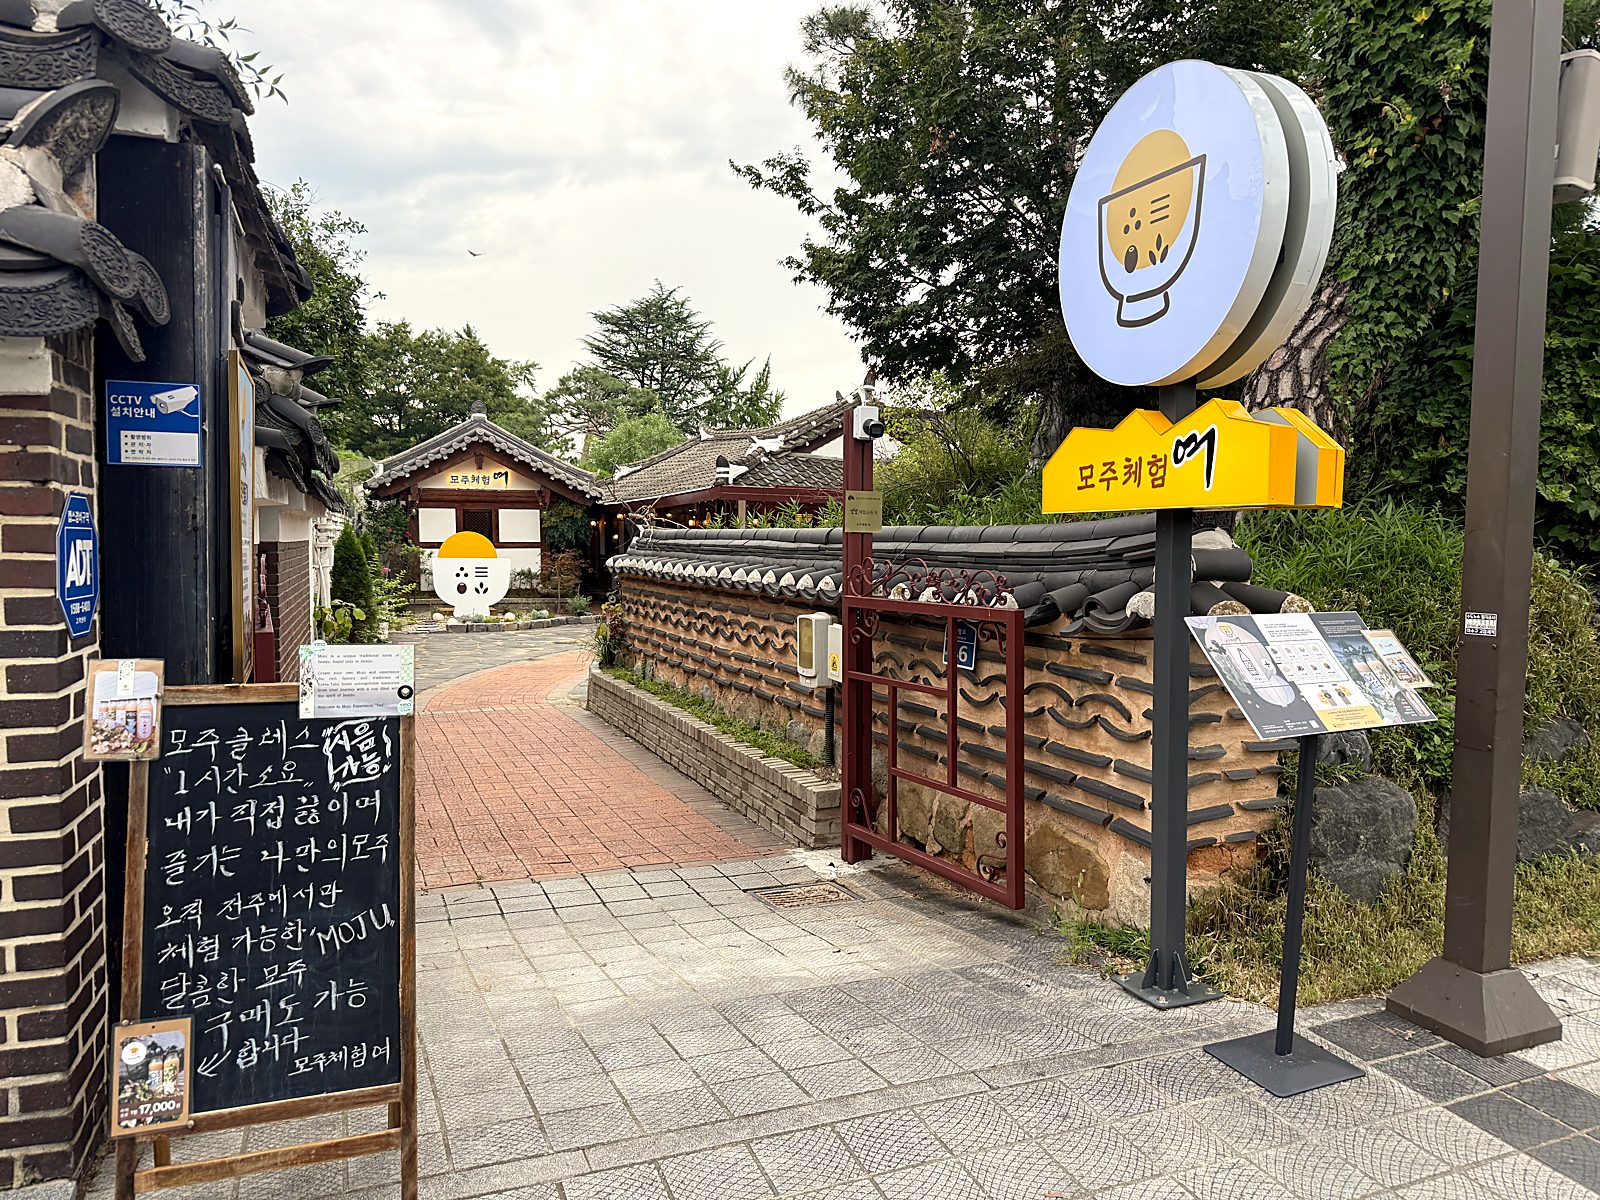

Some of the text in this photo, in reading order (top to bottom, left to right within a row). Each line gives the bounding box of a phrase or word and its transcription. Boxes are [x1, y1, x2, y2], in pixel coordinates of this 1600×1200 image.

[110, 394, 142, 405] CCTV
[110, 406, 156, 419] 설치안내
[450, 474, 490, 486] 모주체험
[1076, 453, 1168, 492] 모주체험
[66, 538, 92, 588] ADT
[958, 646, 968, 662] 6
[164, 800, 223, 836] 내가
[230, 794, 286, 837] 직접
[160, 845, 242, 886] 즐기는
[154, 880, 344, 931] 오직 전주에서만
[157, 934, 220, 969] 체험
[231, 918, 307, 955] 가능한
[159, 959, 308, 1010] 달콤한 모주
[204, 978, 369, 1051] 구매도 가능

.....

__YOUR INSTRUCTIONS__
All entries must be written out again exactly as given, with no pictures in the copy.

__WRITTEN RESPONSE__
Some of the text in this photo, in reading order (top to bottom, left to right within a row). Each line gives the bounding box of a phrase or word and its transcription. Boxes are [x1, y1, x2, y2], in pixel coordinates of this 1600×1200 image.

[110, 394, 142, 405] CCTV
[110, 406, 156, 419] 설치안내
[450, 474, 490, 486] 모주체험
[1076, 453, 1168, 492] 모주체험
[66, 538, 92, 588] ADT
[958, 646, 968, 662] 6
[164, 800, 223, 836] 내가
[230, 794, 286, 837] 직접
[160, 845, 242, 886] 즐기는
[154, 880, 344, 931] 오직 전주에서만
[157, 934, 220, 969] 체험
[231, 918, 307, 955] 가능한
[159, 959, 308, 1010] 달콤한 모주
[204, 978, 369, 1051] 구매도 가능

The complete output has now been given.